**Goal of the exercise:** Retype all the entries word for word, but omit the pictures.

**Entries shown:**
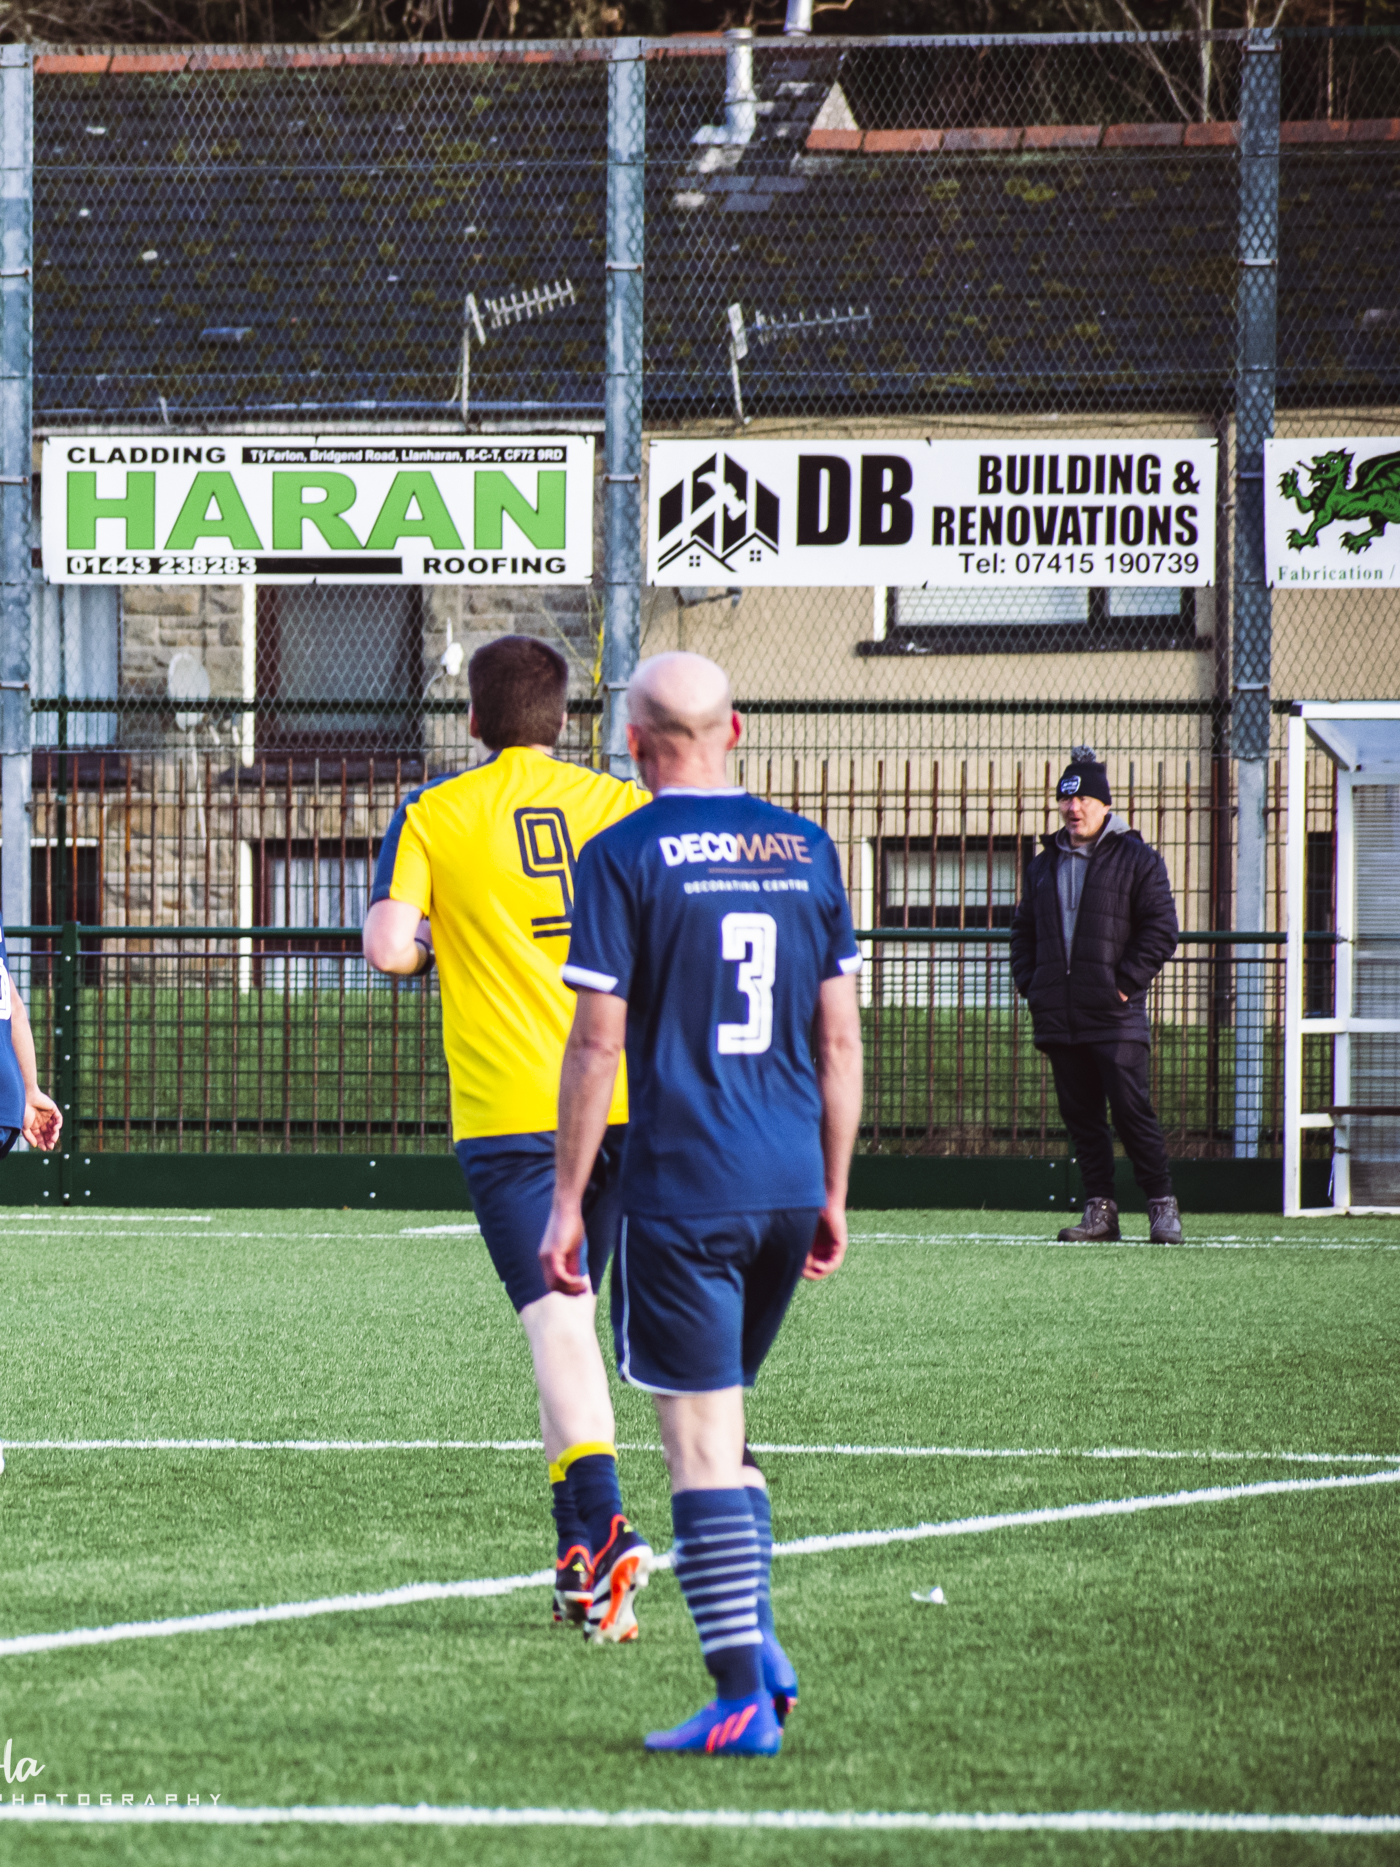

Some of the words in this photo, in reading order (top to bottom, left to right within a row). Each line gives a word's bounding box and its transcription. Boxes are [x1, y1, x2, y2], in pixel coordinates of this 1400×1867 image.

[68, 447, 225, 463] CLADDING
[309, 449, 363, 464] Bridgend
[364, 449, 399, 463] Road,
[401, 449, 463, 463] Llanharan,
[465, 448, 502, 462] R-C-T,
[504, 448, 536, 462] CF72
[537, 448, 564, 462] 9RD
[979, 454, 1161, 495] BUILDING
[1173, 461, 1200, 495] &
[67, 471, 566, 550] HARAN
[797, 455, 913, 546] DB
[932, 505, 1198, 546] RENOVATIONS
[69, 557, 151, 575] 01443
[158, 557, 258, 575] 238283
[424, 557, 565, 574] ROOFING
[959, 553, 1005, 573] Tel:
[1016, 553, 1093, 573] 07415
[1106, 553, 1198, 573] 190739
[1279, 566, 1383, 580] Fabrication
[658, 832, 813, 867] DECOMATE
[513, 807, 578, 939] 9
[683, 879, 760, 895] DECORATING
[762, 879, 809, 892] CENTRE
[717, 912, 777, 1054] 3
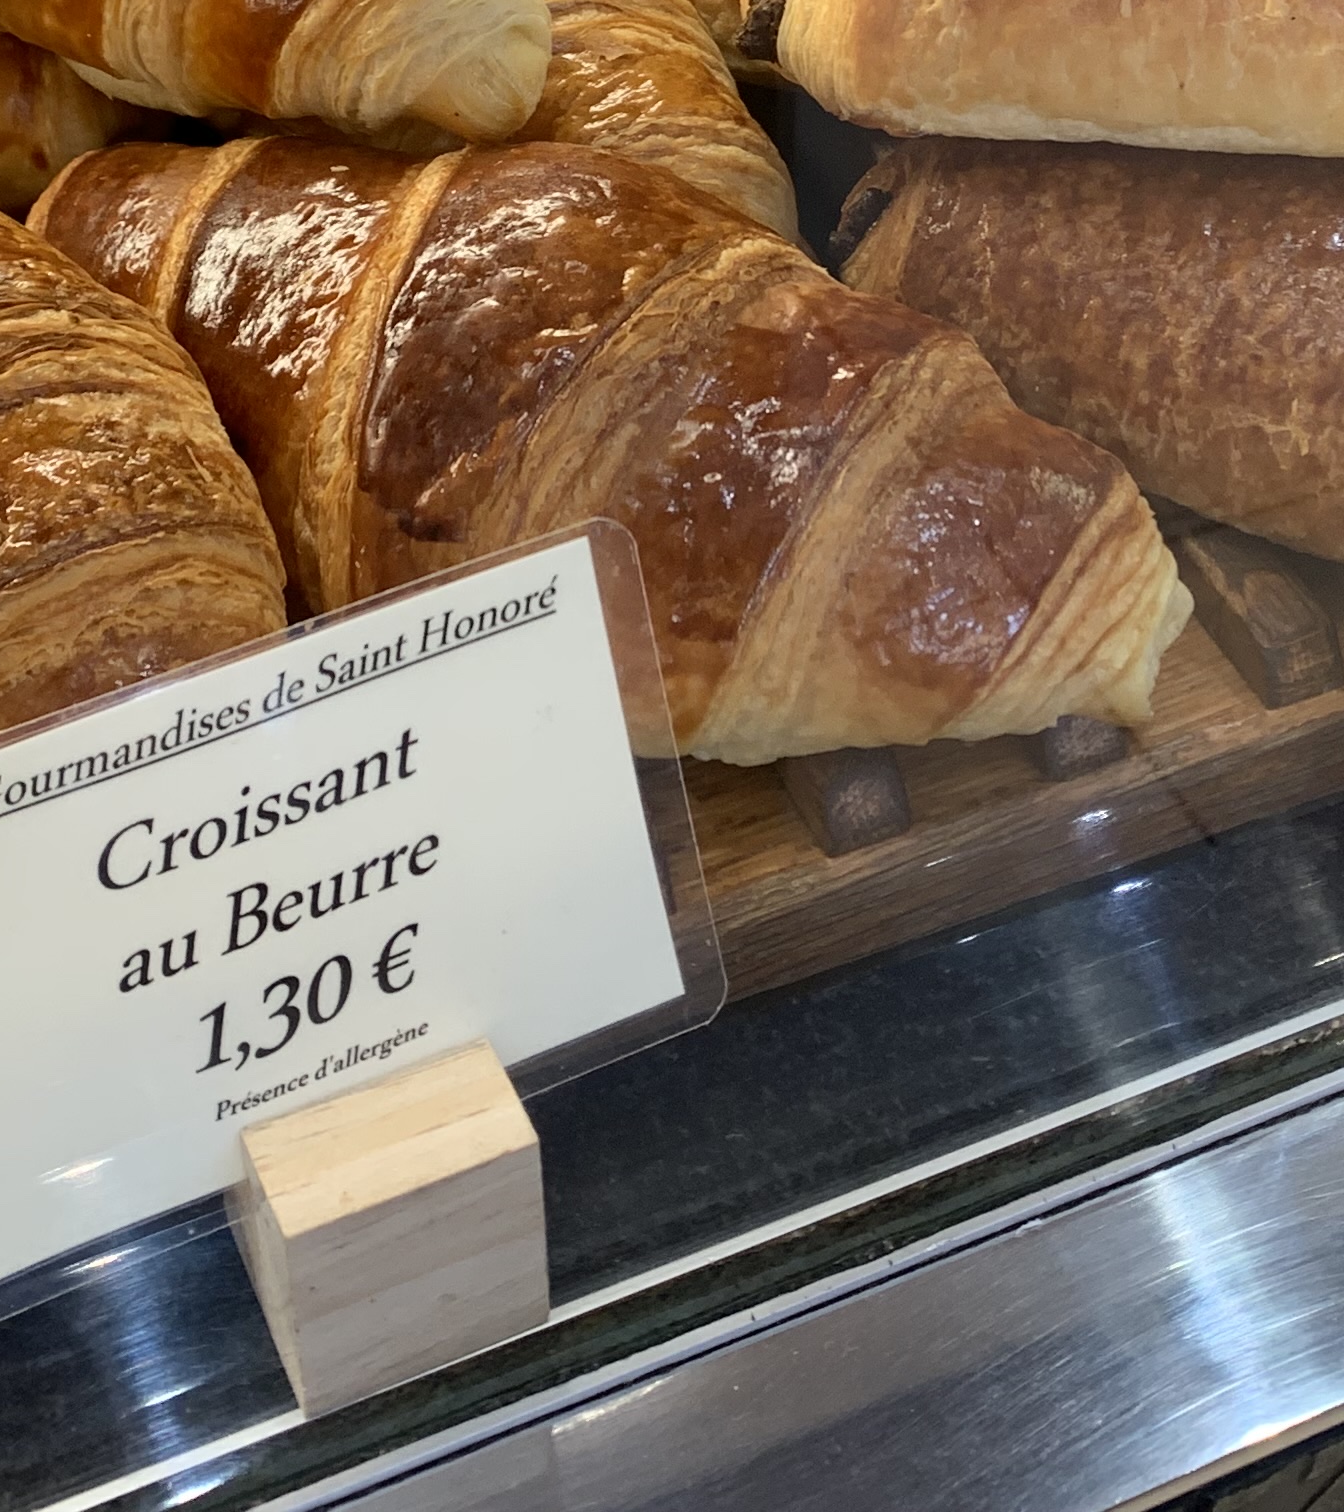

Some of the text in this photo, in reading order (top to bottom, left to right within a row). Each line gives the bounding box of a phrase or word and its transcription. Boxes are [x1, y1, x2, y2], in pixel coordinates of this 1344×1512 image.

[259, 670, 305, 715] de
[313, 634, 408, 696] Saint
[417, 574, 559, 656] Honoré
[96, 728, 420, 892] Croissant
[119, 833, 440, 993] au Beurre
[213, 1021, 429, 1122] Présence d'allergène
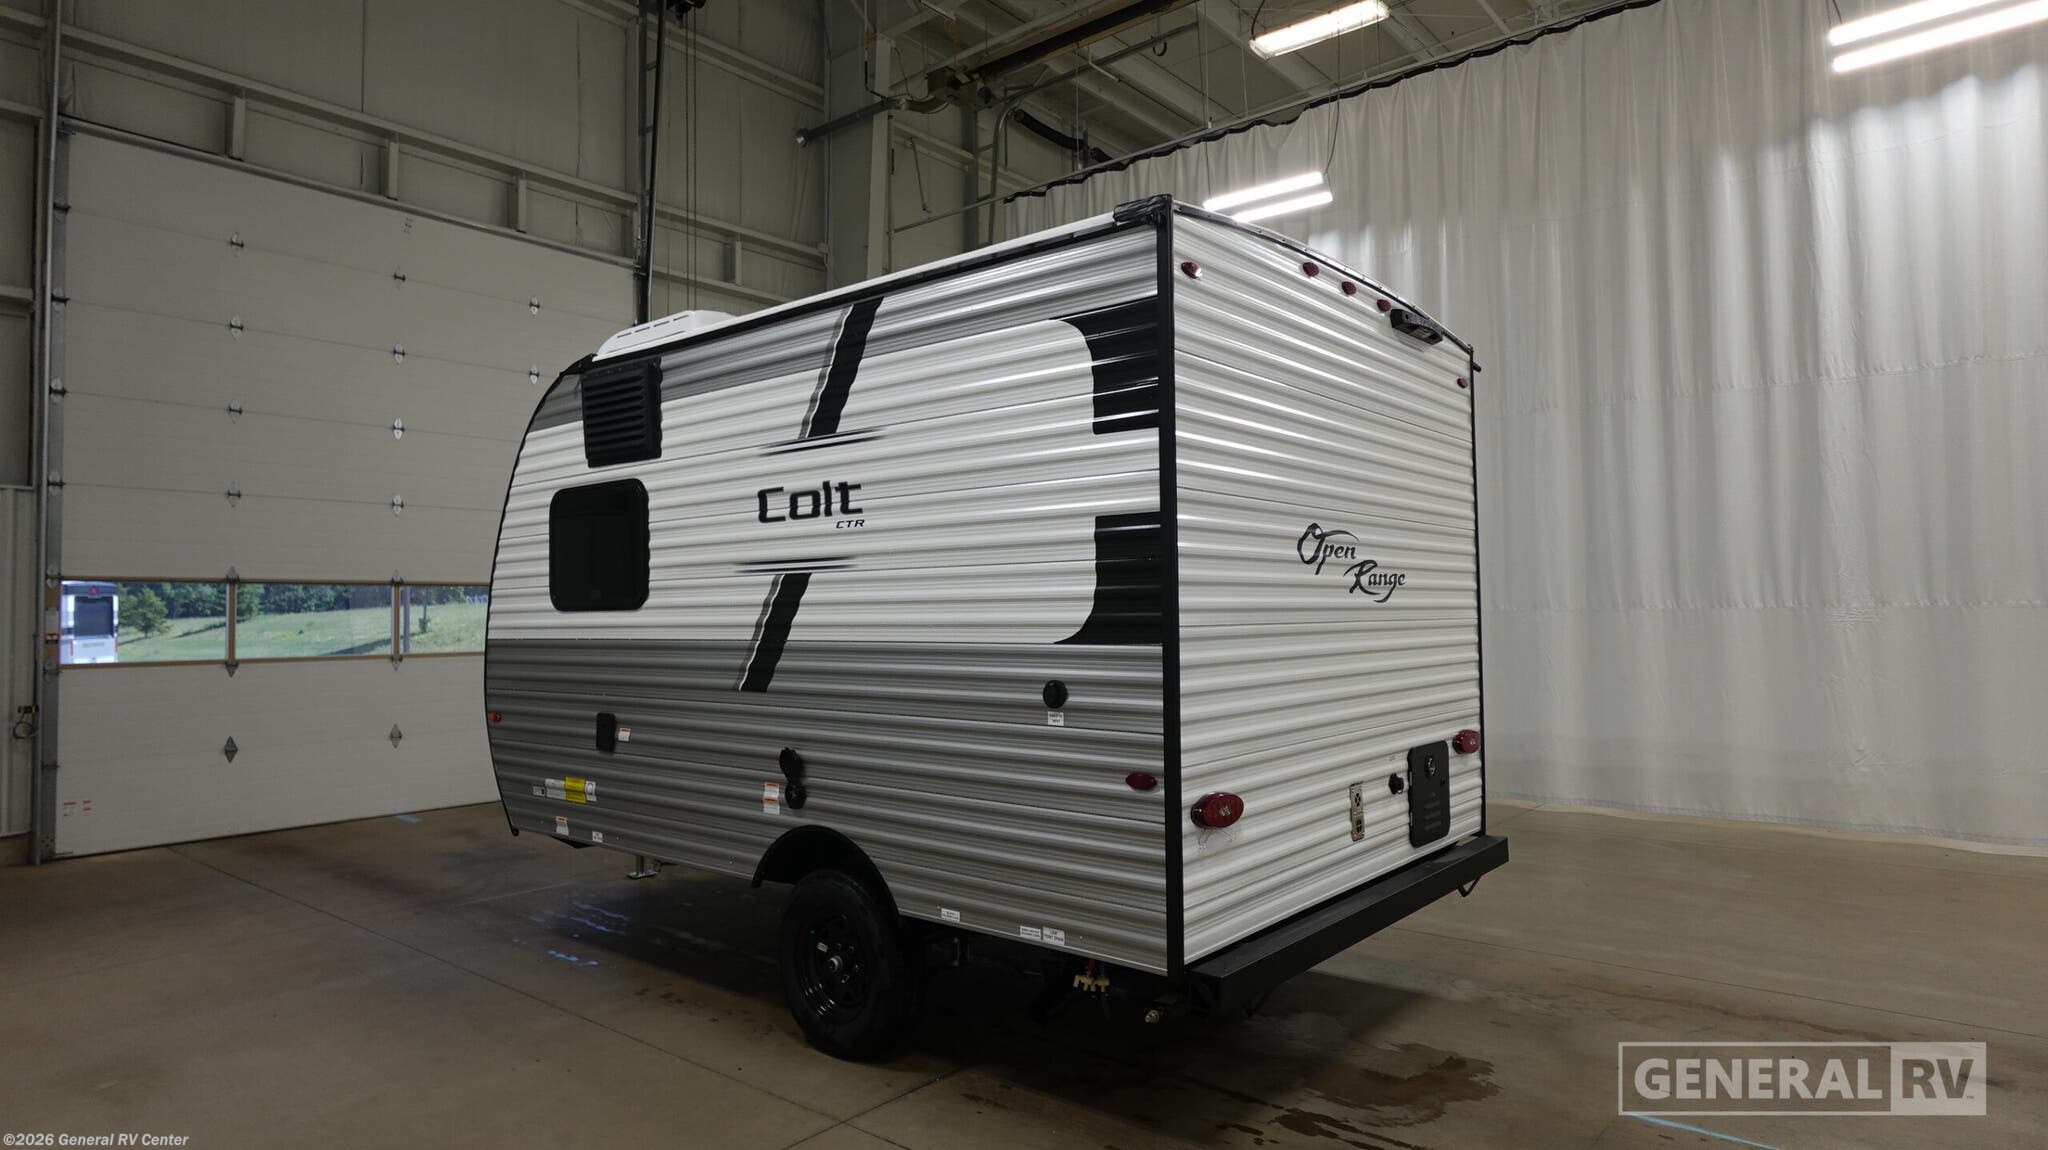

**Solution to this task:**
Some of the words in this photo, in reading order (top to bottom, left to right within a row). Each line gives a word's bounding box and its transcription. Boxes are [x1, y1, x2, y2], in pixel coordinates of this 1400×1867 image.

[68, 447, 225, 463] CLADDING
[309, 449, 363, 464] Bridgend
[364, 449, 399, 463] Road,
[401, 449, 463, 463] Llanharan,
[465, 448, 502, 462] R-C-T,
[504, 448, 536, 462] CF72
[537, 448, 564, 462] 9RD
[979, 454, 1161, 495] BUILDING
[1173, 461, 1200, 495] &
[67, 471, 566, 550] HARAN
[797, 455, 913, 546] DB
[932, 505, 1198, 546] RENOVATIONS
[69, 557, 151, 575] 01443
[158, 557, 258, 575] 238283
[424, 557, 565, 574] ROOFING
[959, 553, 1005, 573] Tel:
[1016, 553, 1093, 573] 07415
[1106, 553, 1198, 573] 190739
[1279, 566, 1383, 580] Fabrication
[658, 832, 813, 867] DECOMATE
[513, 807, 578, 939] 9
[683, 879, 760, 895] DECORATING
[762, 879, 809, 892] CENTRE
[717, 912, 777, 1054] 3

Some of the text in this photo, in reading order (top to bottom, left to right within a row). Each line gives the bounding box of a phrase or word and its transcription. Boxes are [x1, y1, x2, y2], in pixel coordinates of this 1344×1512 image.

[259, 670, 305, 715] de
[313, 634, 408, 696] Saint
[417, 574, 559, 656] Honoré
[96, 728, 420, 892] Croissant
[119, 833, 440, 993] au Beurre
[213, 1021, 429, 1122] Présence d'allergène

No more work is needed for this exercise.